In 1990, the Census Bureau used an additional technique to generate estimates of the undercount--the Post Enumeration Survey (PES). Essentially, once the 1990 census was conducted, the bureau drew a sample of census blocks from around the country. Then, census staff knocked on the door of each housing unit in the sample census blocks--regardless of whether it was on the master address list. For each of the blocks, the Census Bureau compared the information from both sources--that is, the official census and the PES. Based on the results of the PES survey, an estimate was made of people missed in the original census count. Then, using a statistical model, these PES estimates of undercount were used to develop undercount figures for all geographic areas.
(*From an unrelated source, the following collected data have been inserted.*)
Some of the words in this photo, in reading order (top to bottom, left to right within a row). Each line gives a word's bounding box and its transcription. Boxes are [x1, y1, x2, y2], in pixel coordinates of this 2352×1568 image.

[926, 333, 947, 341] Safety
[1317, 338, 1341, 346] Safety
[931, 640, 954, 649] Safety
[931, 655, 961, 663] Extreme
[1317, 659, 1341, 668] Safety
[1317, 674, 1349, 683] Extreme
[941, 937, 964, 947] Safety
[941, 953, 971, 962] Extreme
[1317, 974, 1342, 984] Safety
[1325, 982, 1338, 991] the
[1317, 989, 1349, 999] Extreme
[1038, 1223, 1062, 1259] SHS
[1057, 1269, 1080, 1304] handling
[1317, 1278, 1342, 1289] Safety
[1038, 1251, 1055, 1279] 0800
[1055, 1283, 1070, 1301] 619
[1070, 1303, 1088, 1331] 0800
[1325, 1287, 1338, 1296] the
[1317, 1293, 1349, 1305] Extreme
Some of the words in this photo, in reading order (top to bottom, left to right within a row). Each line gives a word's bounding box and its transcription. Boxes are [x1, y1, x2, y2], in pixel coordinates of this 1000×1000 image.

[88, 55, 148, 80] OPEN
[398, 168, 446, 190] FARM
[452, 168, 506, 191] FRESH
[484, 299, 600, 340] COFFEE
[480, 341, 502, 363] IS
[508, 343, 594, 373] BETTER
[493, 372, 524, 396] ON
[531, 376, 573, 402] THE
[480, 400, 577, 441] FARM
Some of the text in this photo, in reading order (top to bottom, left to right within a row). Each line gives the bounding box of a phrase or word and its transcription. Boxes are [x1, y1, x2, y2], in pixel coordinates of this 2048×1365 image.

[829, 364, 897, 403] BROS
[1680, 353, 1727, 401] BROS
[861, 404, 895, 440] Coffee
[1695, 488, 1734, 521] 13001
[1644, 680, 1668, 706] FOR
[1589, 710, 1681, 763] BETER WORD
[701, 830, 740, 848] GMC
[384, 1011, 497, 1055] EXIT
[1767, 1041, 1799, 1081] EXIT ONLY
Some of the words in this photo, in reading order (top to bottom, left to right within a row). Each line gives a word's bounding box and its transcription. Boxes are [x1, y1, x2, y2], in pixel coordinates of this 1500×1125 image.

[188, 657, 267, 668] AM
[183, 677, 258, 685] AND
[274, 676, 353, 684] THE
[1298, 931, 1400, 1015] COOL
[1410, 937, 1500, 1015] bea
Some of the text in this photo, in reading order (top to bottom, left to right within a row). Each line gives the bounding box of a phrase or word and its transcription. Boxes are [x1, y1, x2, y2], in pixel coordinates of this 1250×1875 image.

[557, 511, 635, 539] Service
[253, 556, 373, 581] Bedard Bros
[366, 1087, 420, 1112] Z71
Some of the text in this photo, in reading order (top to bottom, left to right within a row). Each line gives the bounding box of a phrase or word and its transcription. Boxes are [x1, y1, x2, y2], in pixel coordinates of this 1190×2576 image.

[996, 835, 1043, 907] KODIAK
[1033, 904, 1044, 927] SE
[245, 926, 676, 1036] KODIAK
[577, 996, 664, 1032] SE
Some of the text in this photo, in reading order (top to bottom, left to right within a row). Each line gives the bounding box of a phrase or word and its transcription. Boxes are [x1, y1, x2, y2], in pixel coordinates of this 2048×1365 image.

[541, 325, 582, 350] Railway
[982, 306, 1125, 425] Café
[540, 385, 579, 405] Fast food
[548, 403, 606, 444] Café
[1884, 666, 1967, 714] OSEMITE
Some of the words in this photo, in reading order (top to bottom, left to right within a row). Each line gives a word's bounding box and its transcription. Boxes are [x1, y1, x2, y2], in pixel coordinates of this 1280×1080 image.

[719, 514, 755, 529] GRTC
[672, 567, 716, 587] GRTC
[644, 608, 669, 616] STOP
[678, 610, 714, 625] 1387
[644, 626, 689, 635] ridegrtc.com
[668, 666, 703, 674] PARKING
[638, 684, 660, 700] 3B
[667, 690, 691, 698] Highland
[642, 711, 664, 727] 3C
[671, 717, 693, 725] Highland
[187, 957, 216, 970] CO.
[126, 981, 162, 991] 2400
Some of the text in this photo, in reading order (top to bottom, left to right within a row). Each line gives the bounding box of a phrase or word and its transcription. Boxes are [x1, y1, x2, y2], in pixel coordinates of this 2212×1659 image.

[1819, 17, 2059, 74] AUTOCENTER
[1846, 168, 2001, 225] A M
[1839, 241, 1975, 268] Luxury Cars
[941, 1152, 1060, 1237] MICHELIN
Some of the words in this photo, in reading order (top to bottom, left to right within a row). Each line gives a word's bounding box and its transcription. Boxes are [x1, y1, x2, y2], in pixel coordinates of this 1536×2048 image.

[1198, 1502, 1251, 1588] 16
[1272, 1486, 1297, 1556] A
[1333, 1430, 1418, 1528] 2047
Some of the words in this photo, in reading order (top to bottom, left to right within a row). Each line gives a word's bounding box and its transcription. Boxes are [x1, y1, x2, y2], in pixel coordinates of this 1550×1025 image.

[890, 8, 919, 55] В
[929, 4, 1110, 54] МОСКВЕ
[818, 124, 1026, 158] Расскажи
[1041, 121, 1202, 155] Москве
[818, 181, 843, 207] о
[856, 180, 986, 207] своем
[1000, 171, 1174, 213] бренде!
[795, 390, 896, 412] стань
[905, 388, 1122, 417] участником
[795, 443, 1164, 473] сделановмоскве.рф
Census research indicates that the majority of the undercount is associated with incorrect reporting during the initial census. The PES relies on an intensive effort (much more so than the initial census) to count all the residents in the sample blocks. This "saturation coverage" is the key to the survey's ability to identify the undercount.
As noted previously, two of the more direct effects of census undercounts are that (1) they can affect the regional distribution of representatives from different states in Congress and (2) they can affect the interstate distribution of federal funds.
Article 1, Section 2, of the U.S. Constitution requires that the census be used to apportion seats in the U.S. House of Representatives (House). The effect of the 1990 undercount on the allocation of House seats to the 50 states is discussed below.
How Seats Are Allocated Among States. The U.S. Constitution provides that each state will have a minimum of one member in the House, and the current size of the House (435 seats) has not changed since the apportionment made following the 1910 census. Thus, the current apportionment calculation divides 385 seats (435 seats, minus the 50 seats automatically given) among the 50 states.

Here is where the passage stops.